I. Technical Field
The present invention relates to a cell culturing method employing biomechanical stimulation loading and its system for applying, in in vitro culture, repeated biomechanical stimulation to culture cells, culture tissues and a construct including the culture cells (which are collectively referred to as “cultures” in the description). The repeated biomechanical stimulation is stimulation similar to vertical weight load stimulation or sideward shear stress stimulation which acts on tissues in an aboveground living body.
II. Description of the Related Art
As an approach to treating patients with cartilage lesions, cell transplantation therapy has been recently carried out, for example, in Europe and America. In this approach, remaining healthy cartilage tissues are taken out from the patients, cartilage cells are separated from the tissues and undergo in vitro culture for growth, and cultured cartilage cells are transplanted back to the patients.
This approach, which carries out the in vitro cartilage cell culture and growth, however has problems that it does not carry out in vitro regeneration of cartilage tissues, produces an unstable effect and requires long-term repair and maturation of the cartilage tissues.

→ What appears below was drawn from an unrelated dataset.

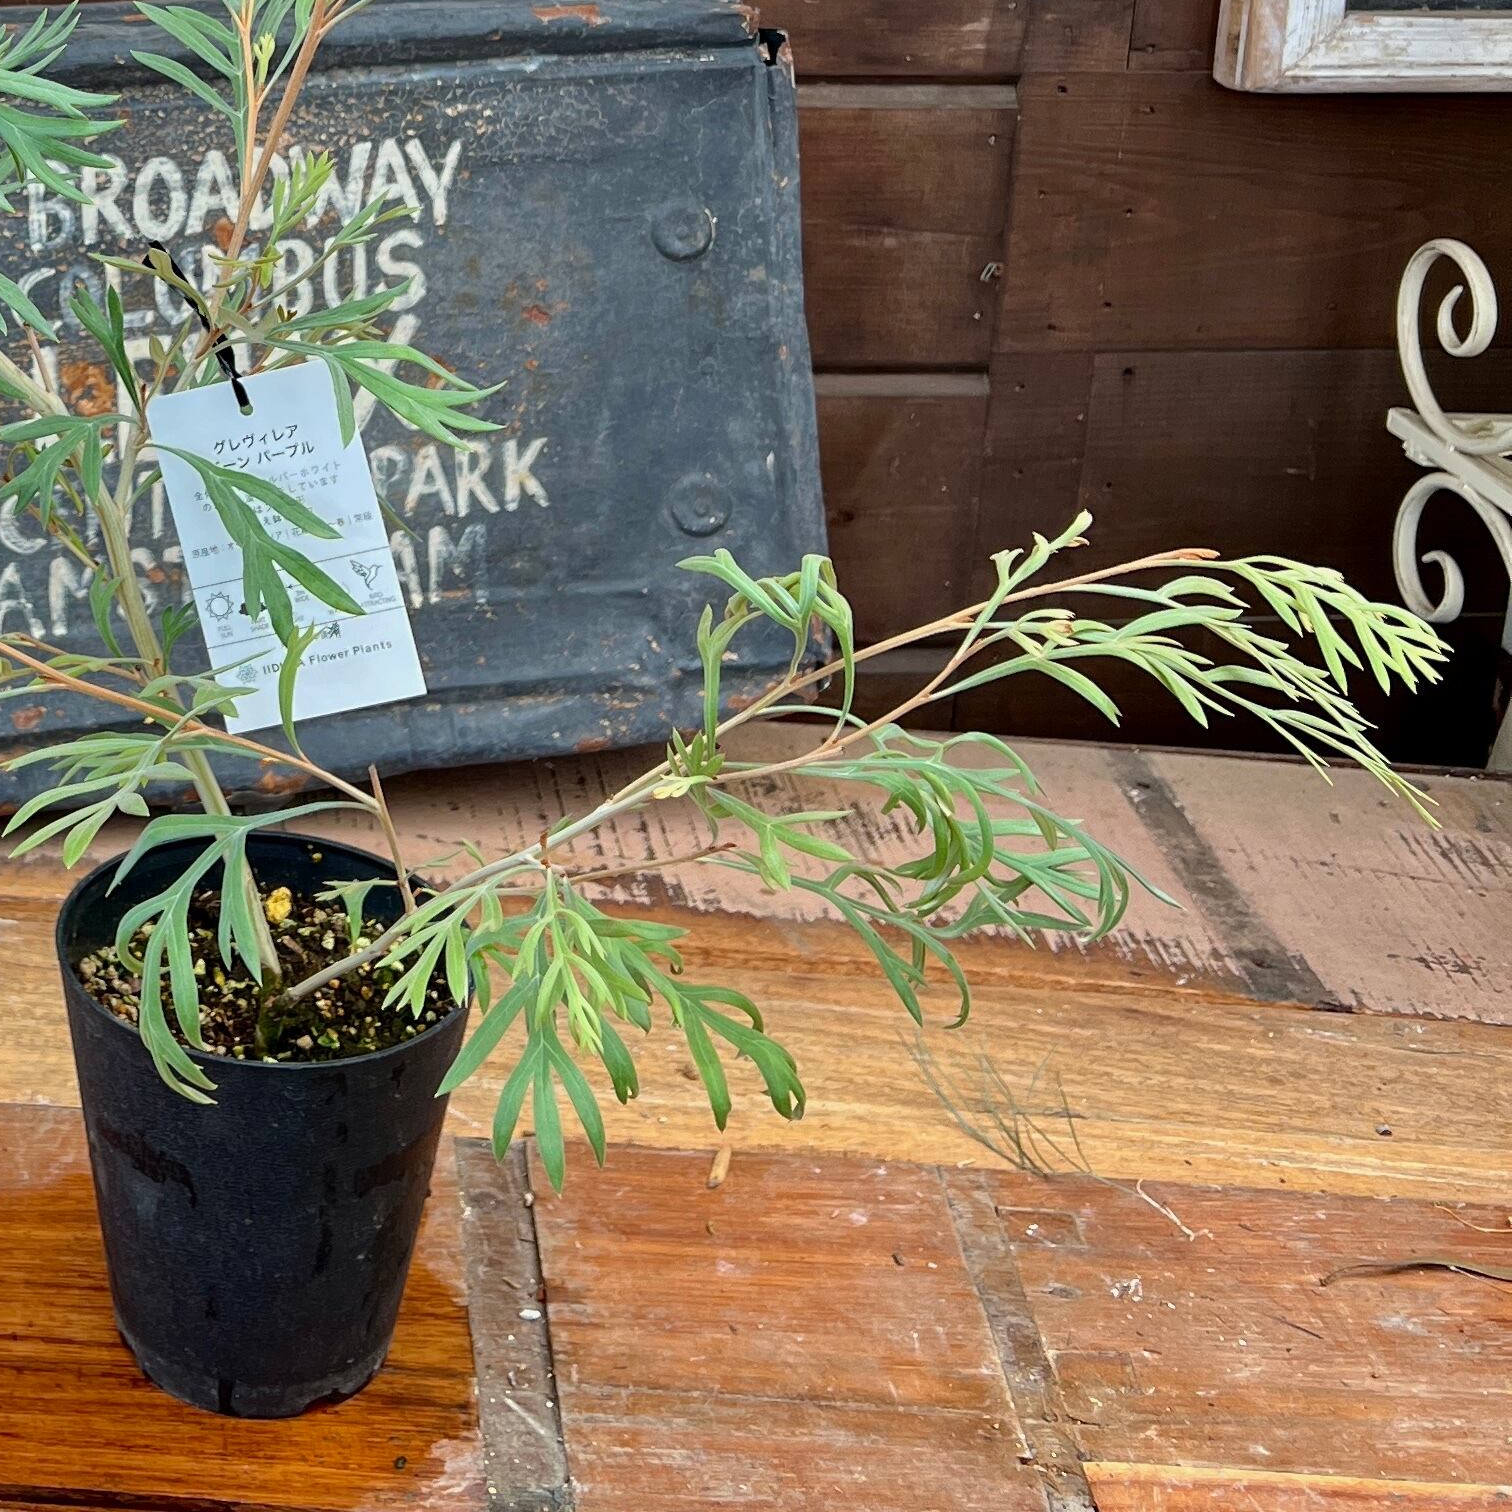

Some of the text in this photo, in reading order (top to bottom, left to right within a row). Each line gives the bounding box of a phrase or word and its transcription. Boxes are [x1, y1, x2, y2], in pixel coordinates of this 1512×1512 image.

In the living body, tissues and cells are subjected to not only biochemical stimulation but also mechanical stimulation attributed to gravity, muscle contraction force or external force. Culture cells and culture tissues are known to change their functions including growth, differentiation and metabolism by experiencing biomechanical stimulation in static or dynamic form.
Based on such findings, cell and tissue culture systems utilizing the biomechanical stimulation have been recently studied and put to practical use by several domestic and foreign research groups, including, for example, a system disclosed in Japanese Patent Unexamined Publication No. 2003-265164.
Culture systems using stress stimulation include a method of expanding and contracting or shaking a membrane member to which the cells are adhered for culturing the cartilage cells or vascular smooth muscle cells, and a method of placing a support holding the cartilage cells in a column and applying the stress stimulation to the cartilage cells held by the support by means of the flow of culture medium or culture fluid circulated by a pump for culturing the cartilage cells.
Culture systems using hydrostatic pressure stimulation include a method of applying pressure to the cartilage cells by means of a gas cylinder for stimulation loading and a method of pressurizing the column with a 5 MPa load, which is equivalent to intra-articular pressure, by means of a hydraulic cylinder pump for stimulating the cartilage cells.
There has also been proposed a cell culture system in which the culture medium is fed into the column (that is, to a device in the column) by a pump and the flow rate of the culture medium is varied by operation of a valve or the like for desired pressure loading patterns and cycles.
These methods and systems re-create conditions close to those in the living body, such as levels of pressure on the cells in the living body, pressure variations and patterns in pressure rise and drop, through use of the culture fluid. However, these methods and systems are strictly for the purpose of stimulating the culture cells by expanding the culture cells and using the flow of culture fluid and the culture fluid, not re-creating vertical biomechanical stimulation, which is attributed to gravity, to support tissues of a bone, a cartilage or the like.
As is obvious from the known fact that healthy astronauts who experience reduced gravity stimulation in outer space of microgravity and patients or aged persons who have to stay on beds develop osteoporosis at their spines, arms and legs, the vertical repeated stimulation attributed to gravity is of importance to the living body.